When it comes to your own career, the same approach applies. Talk to people. When I look back over the course of my career, every pivot, every new job was because of someone I knew, who knew someone, sometimes who then knew someone else. The job title I hold now (“UX Content Strategist”), I didn’t know even existed until talking with people, who introduced me to it, along with various podcasts and books on the topic.
So when the world (or my perception of it) shut down a year ago, I felt like one of my most valuable sources of growth and inspiration shut down with it. Suddenly thrust into isolation, I leaned into existing relationships and neglected that part of me that requires a constant intake of fresh inputs. But, how do you meet people during a panini? A panasonic? When your chance of waltzing into a designerly social gathering and stumbling upon someone new is nil?
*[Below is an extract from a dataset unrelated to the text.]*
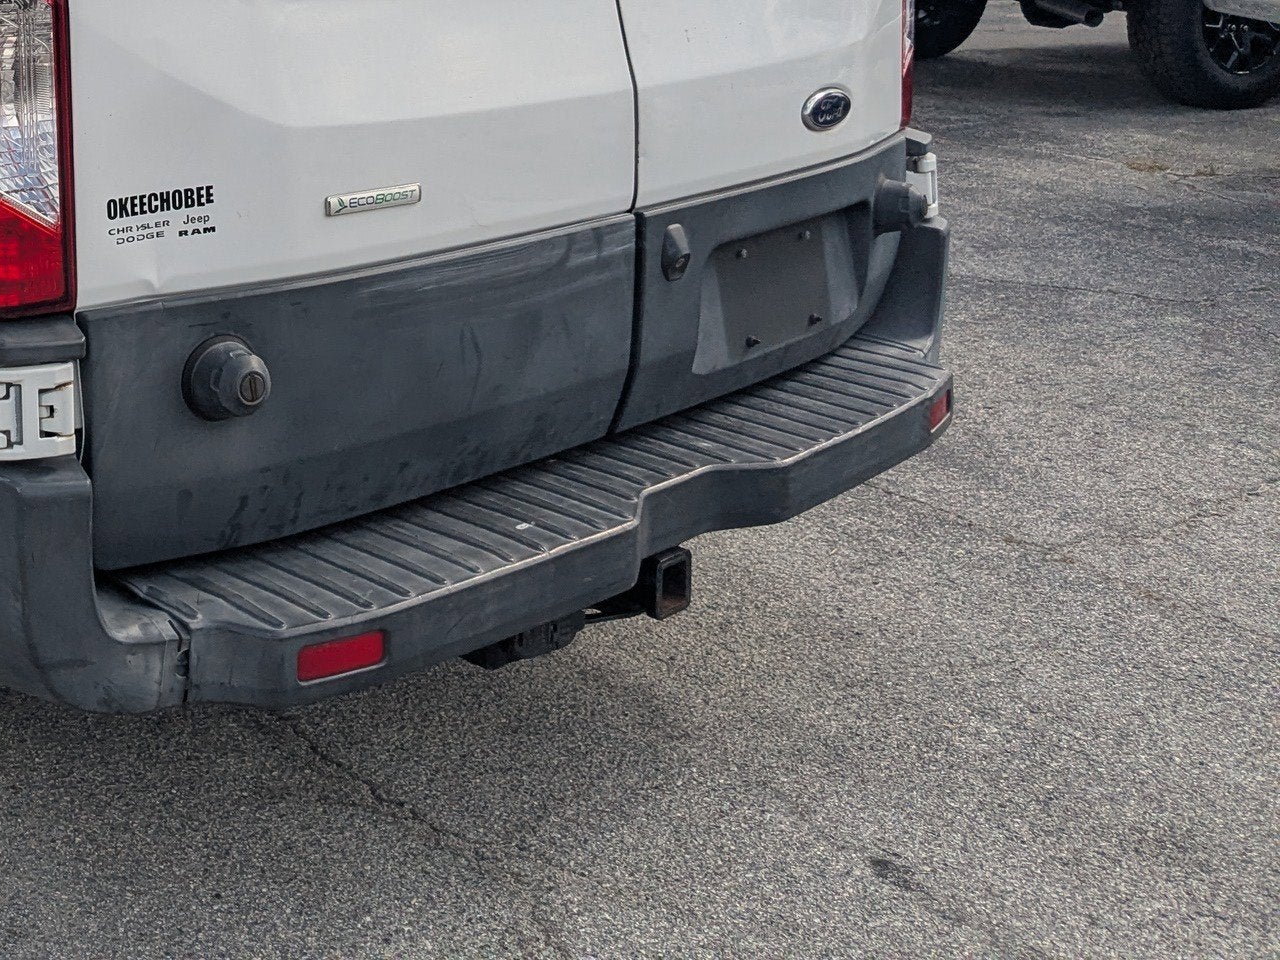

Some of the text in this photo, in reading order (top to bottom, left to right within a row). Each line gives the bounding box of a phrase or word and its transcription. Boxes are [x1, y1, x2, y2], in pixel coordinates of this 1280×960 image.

[106, 185, 215, 220] OKEECHOBEE
[108, 214, 210, 236] CHRYSLER Jeep
[116, 226, 216, 245] DODGE RAM
Enter: The Internet. In a lot of ways, networking right now feels like channeling my inner 90s digital darling—at home, late at night, cracking open the web for the first time and poking around. First, start by finding the people. Where are they? What are they talking about? What can you add to the conversation? Reply guys aside, chime in on Twitter. Compliment someone’s work on Instagram. Ask about a process on Tiktok. Not on social media? Send an email. Ask a specific question, or thank someone for making. If you’re feeling extra social, ask to grab a digital coffee. A friend told me one of his ongoing studio tasks is to each reach out to three new connections. Every. Week.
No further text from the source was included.